To do: Since pictures are not wanted in the copy, output only the rest of each record exactly.

Data:
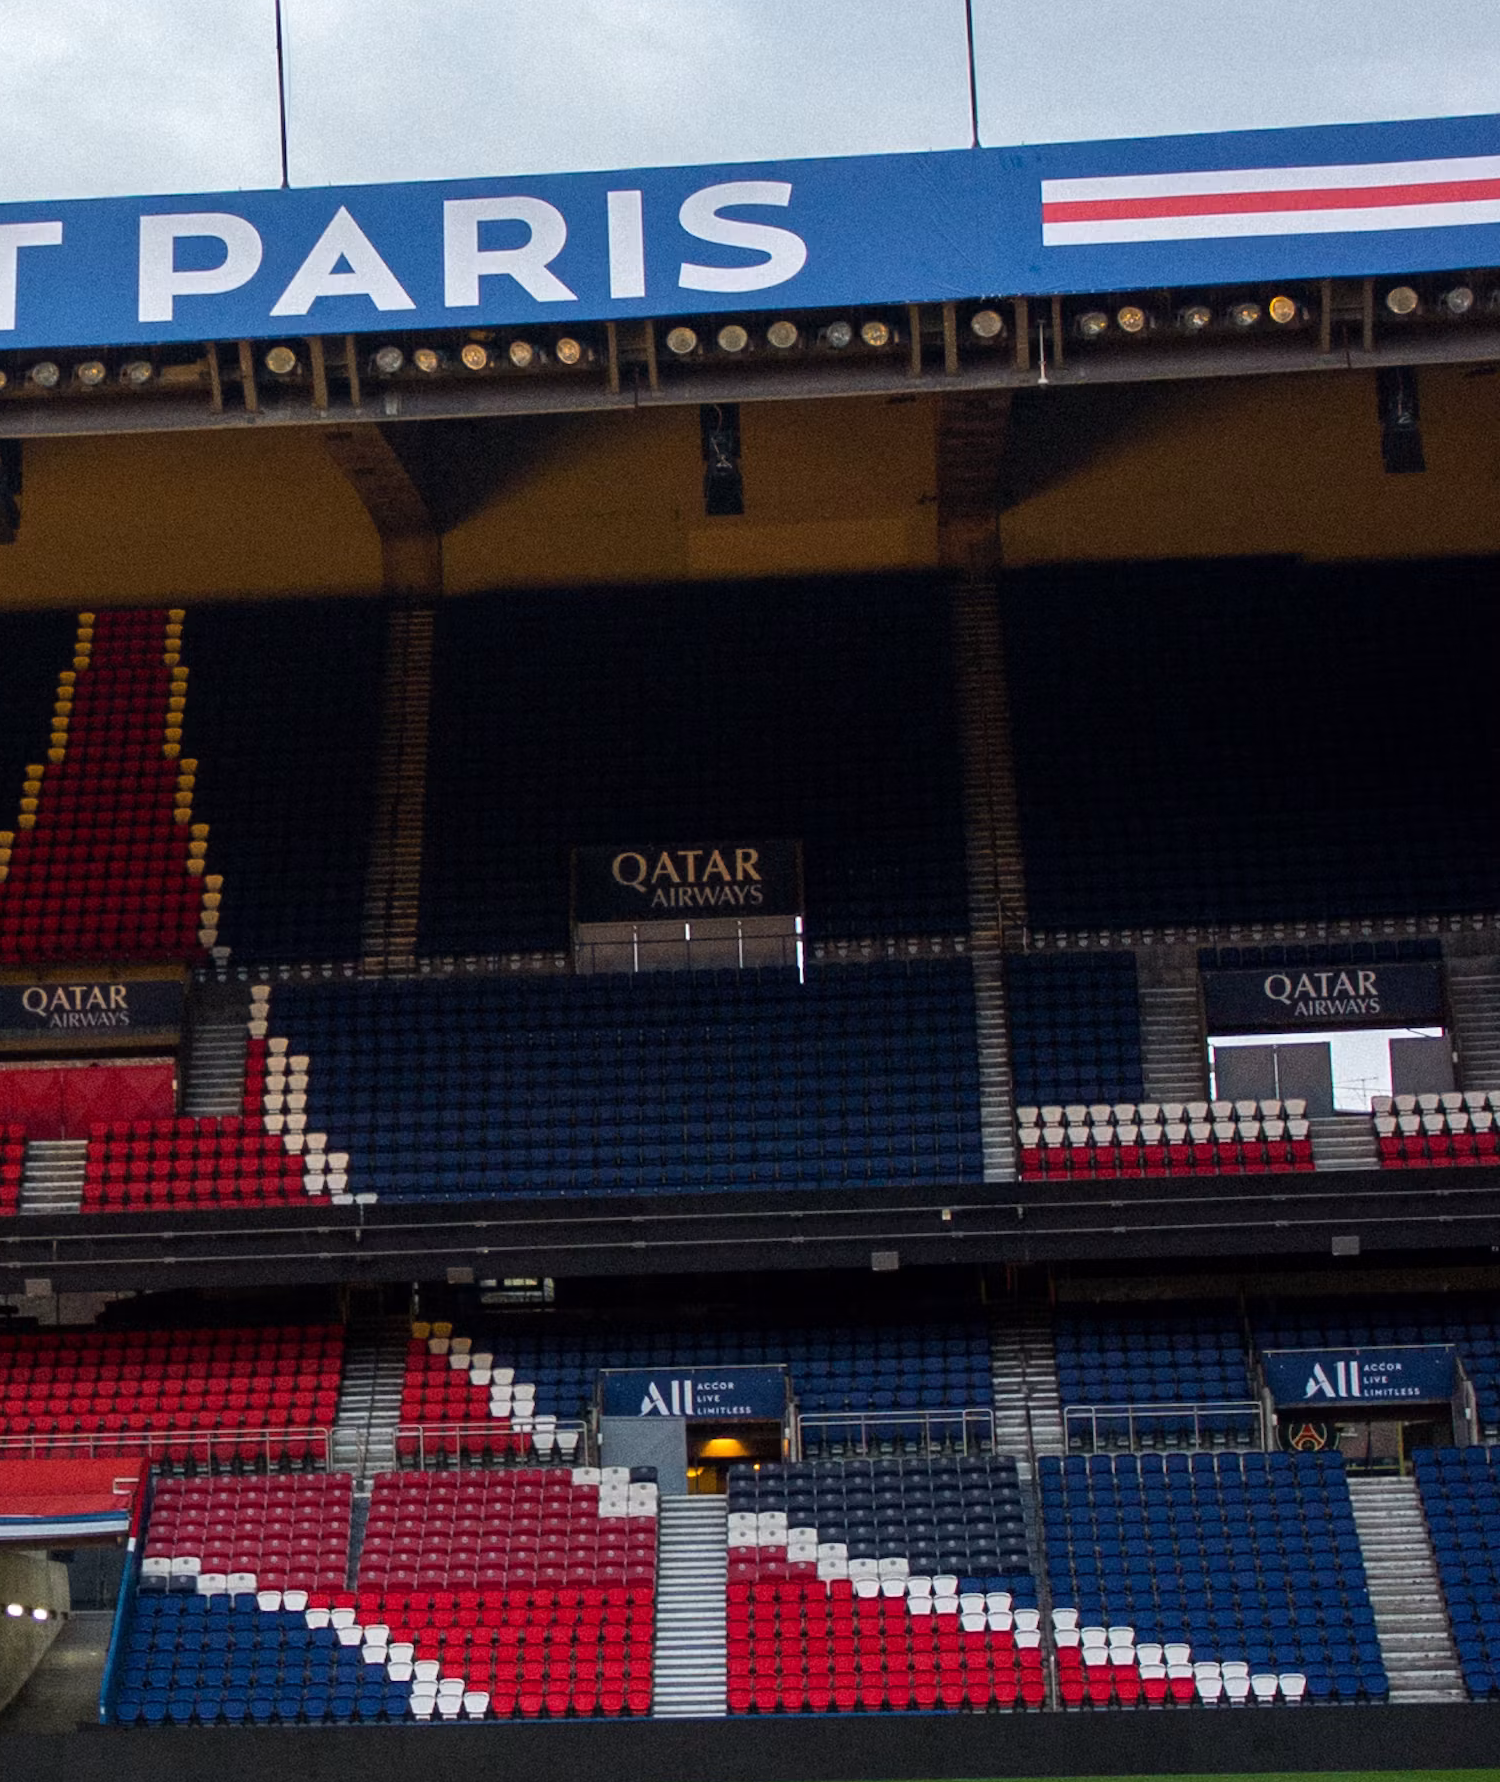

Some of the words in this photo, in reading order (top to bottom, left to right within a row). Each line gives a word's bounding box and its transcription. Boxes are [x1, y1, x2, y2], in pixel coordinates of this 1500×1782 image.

[139, 181, 807, 323] PARIS
[612, 848, 762, 893] QATAR
[652, 885, 763, 907] AIRWAYS
[1264, 970, 1378, 1005] QATAR
[22, 984, 128, 1017] QATAR
[1295, 998, 1380, 1015] AIRWAYS
[49, 1010, 130, 1028] AIRWAYS
[1363, 1362, 1403, 1372] ACCOR
[697, 1381, 735, 1390] ACCOR
[1363, 1375, 1388, 1385] LIVE
[697, 1394, 720, 1403] LIVE
[1363, 1387, 1421, 1397] LIMITLESS
[697, 1406, 752, 1416] LIMITLESS
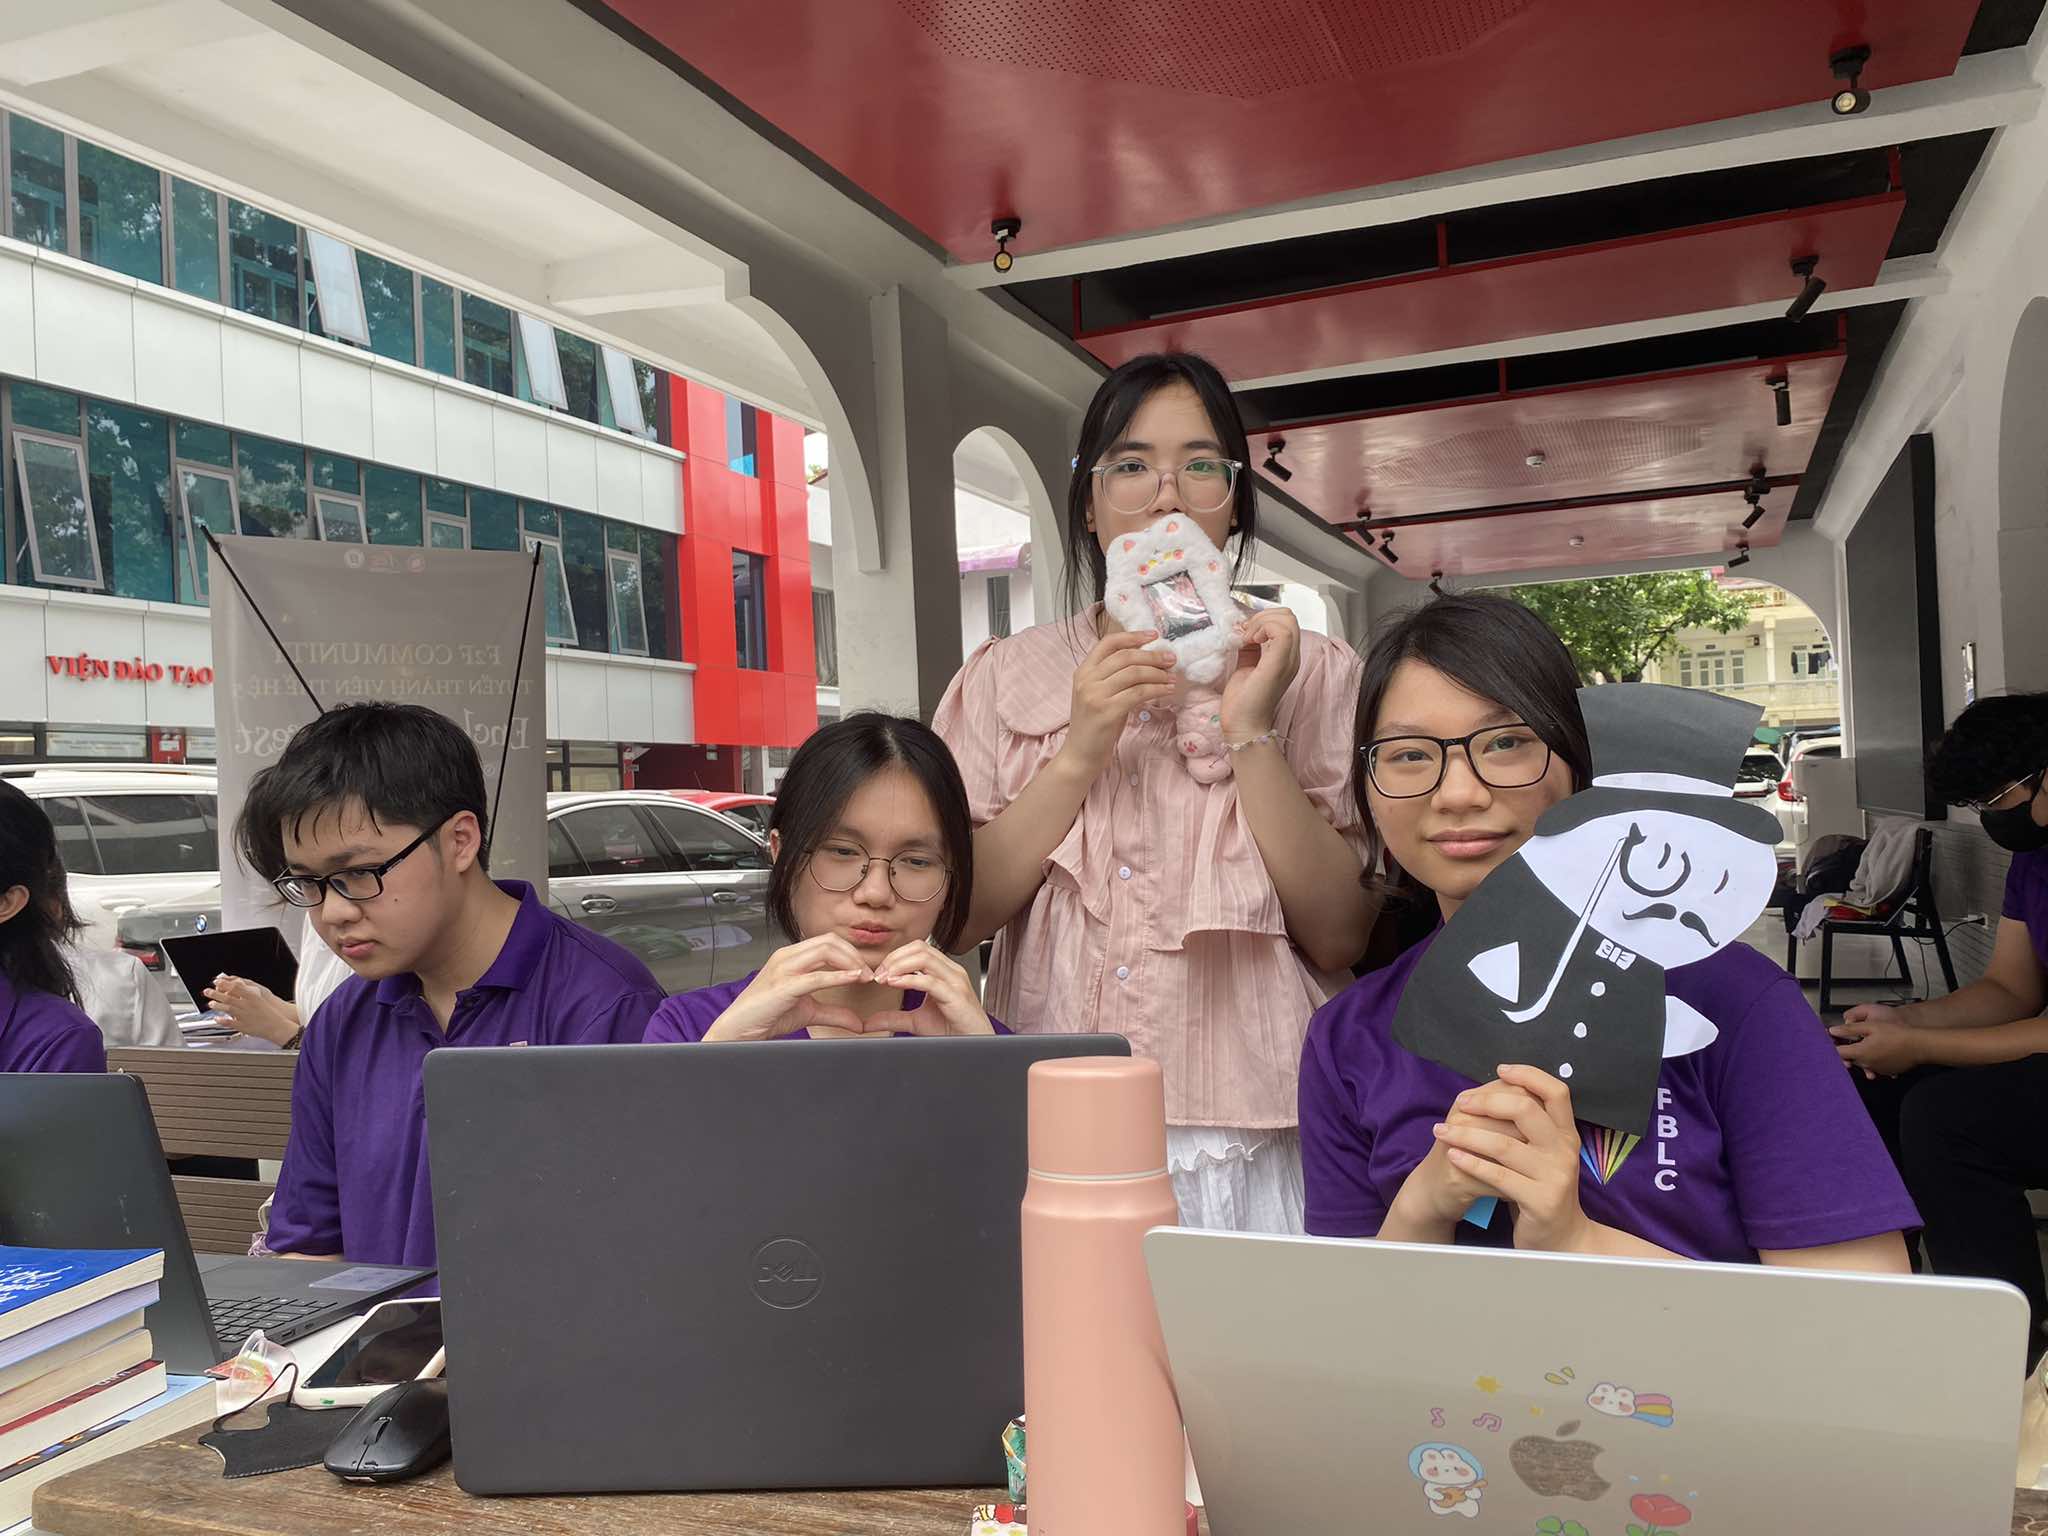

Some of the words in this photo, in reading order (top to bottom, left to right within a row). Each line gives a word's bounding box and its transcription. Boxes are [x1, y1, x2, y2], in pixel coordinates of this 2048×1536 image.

[46, 653, 110, 682] VIỆN
[114, 656, 164, 681] ĐÀO
[168, 664, 214, 688] TẠO

Answer to this task:
Some of the words in this photo, in reading order (top to bottom, left to right within a row). Each line gives a word's bounding box and its transcription. Boxes are [x1, y1, x2, y2], in pixel coordinates of this 1500×1782 image.

[139, 181, 807, 323] PARIS
[612, 848, 762, 893] QATAR
[652, 885, 763, 907] AIRWAYS
[1264, 970, 1378, 1005] QATAR
[22, 984, 128, 1017] QATAR
[1295, 998, 1380, 1015] AIRWAYS
[49, 1010, 130, 1028] AIRWAYS
[1363, 1362, 1403, 1372] ACCOR
[697, 1381, 735, 1390] ACCOR
[1363, 1375, 1388, 1385] LIVE
[697, 1394, 720, 1403] LIVE
[1363, 1387, 1421, 1397] LIMITLESS
[697, 1406, 752, 1416] LIMITLESS

Some of the words in this photo, in reading order (top to bottom, left to right within a row). Each line gives a word's bounding box and its transcription. Boxes are [x1, y1, x2, y2], in pixel coordinates of this 2048×1536 image.

[46, 653, 110, 682] VIỆN
[114, 656, 164, 681] ĐÀO
[168, 664, 214, 688] TẠO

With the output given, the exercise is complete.